They have a voluntary certification program for contractors. (In fact, some states use the Association's exams as their test for licensing.) For a list of certified contractors in your state contact the Association at (614) 898-7791 or (800) 551-7379. There is no cost for mailing or faxing the list to you.
To keep your well safe, you must be sure possible sources of contamination are not close by. Experts suggest the separation distances [shown at left] as a minimum for protection - farther is better.
Many homeowners tend to forget the value of good maintenance until problems reach crisis levels. That can be expensive. It's better to maintain your well, find problems early, and correct them to protect your well's performance.
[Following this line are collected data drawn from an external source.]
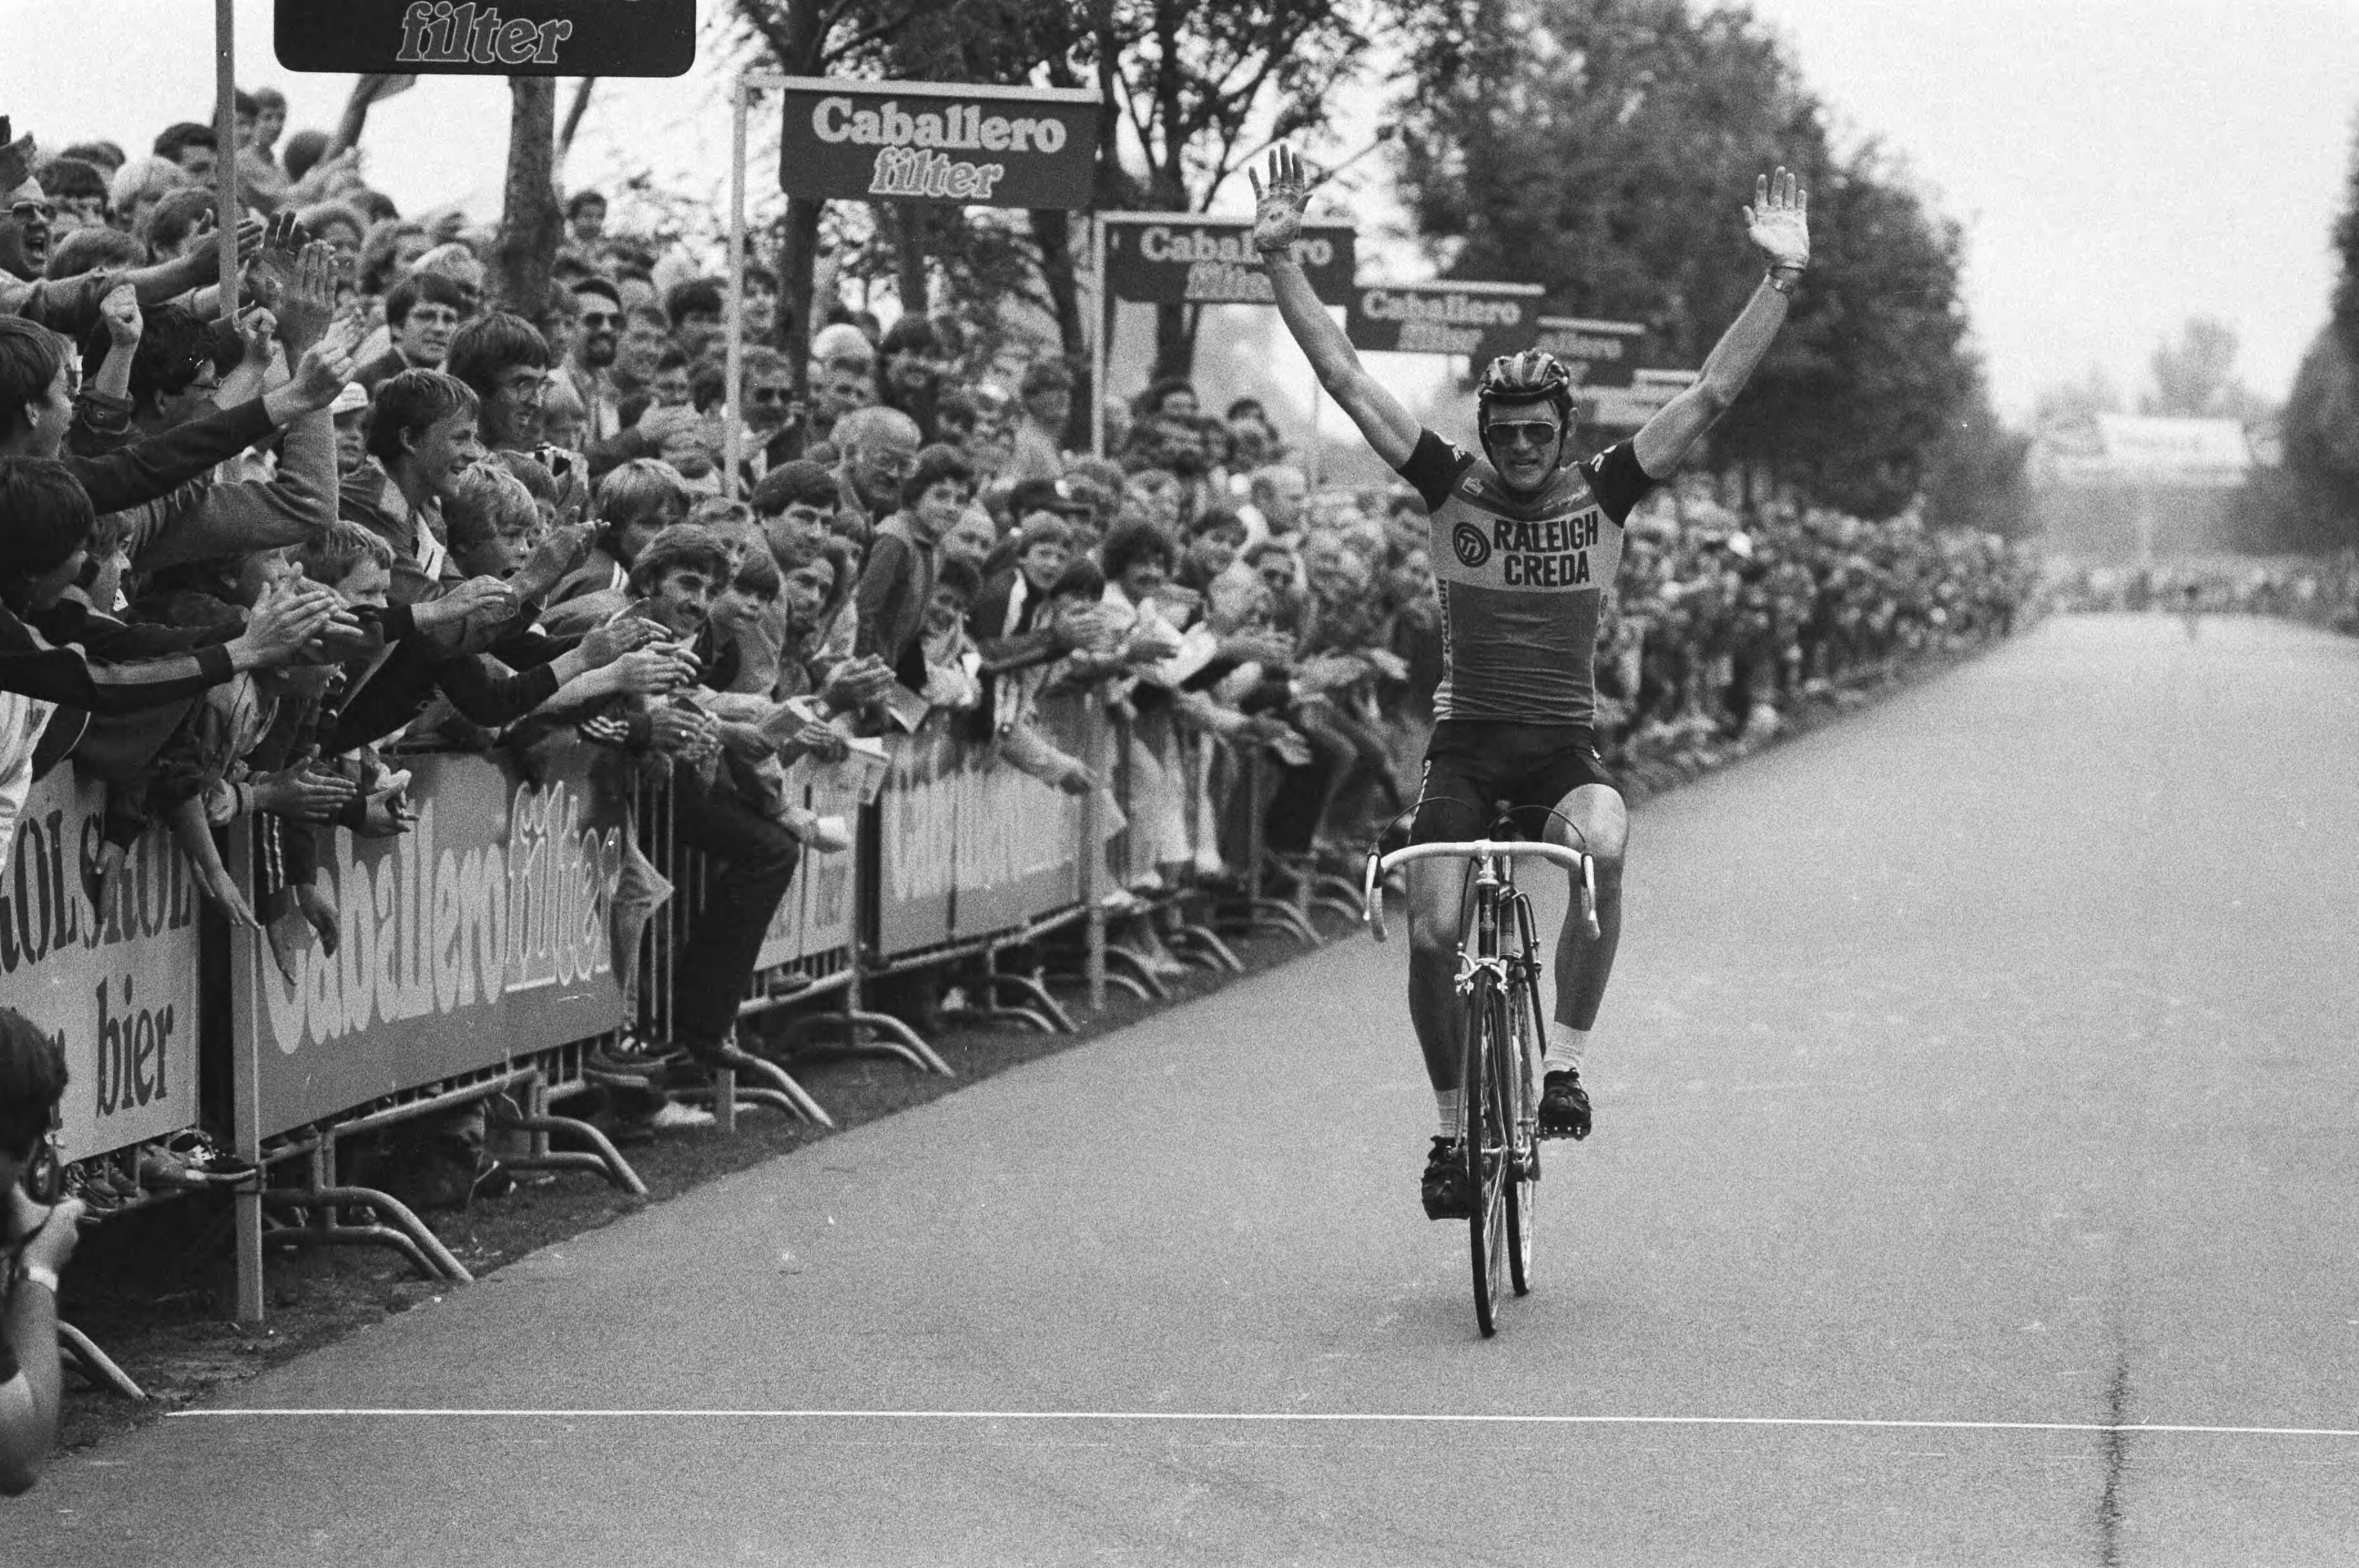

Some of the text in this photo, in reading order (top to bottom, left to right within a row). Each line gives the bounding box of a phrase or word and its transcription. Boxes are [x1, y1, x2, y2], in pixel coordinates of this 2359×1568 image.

[396, 1, 573, 64] filter
[812, 97, 1067, 153] Caballero
[869, 146, 1004, 199] filter
[1140, 226, 1333, 266] Cabalro
[1362, 290, 1521, 326] Caballero
[1494, 510, 1599, 552] RALEIGH
[1505, 550, 1590, 587] CREDA
[96, 974, 174, 1118] bier
Keep up-to-date records of well installation and repairs plus pumping and water tests. Such records can help spot changes and possible problems with your water system. If you have problems, ask a local expert to check your well construction and maintenance records. He or she can see if your system is okay or needs work.
The graphic [at left] shows a good example of an animal-proof cap or seal and the casing of a well. Protect your own well area. Be careful about storage and disposal of household and lawn care chemicals and wastes. Good farmers and gardeners minimize the use of fertilizers and pesticides.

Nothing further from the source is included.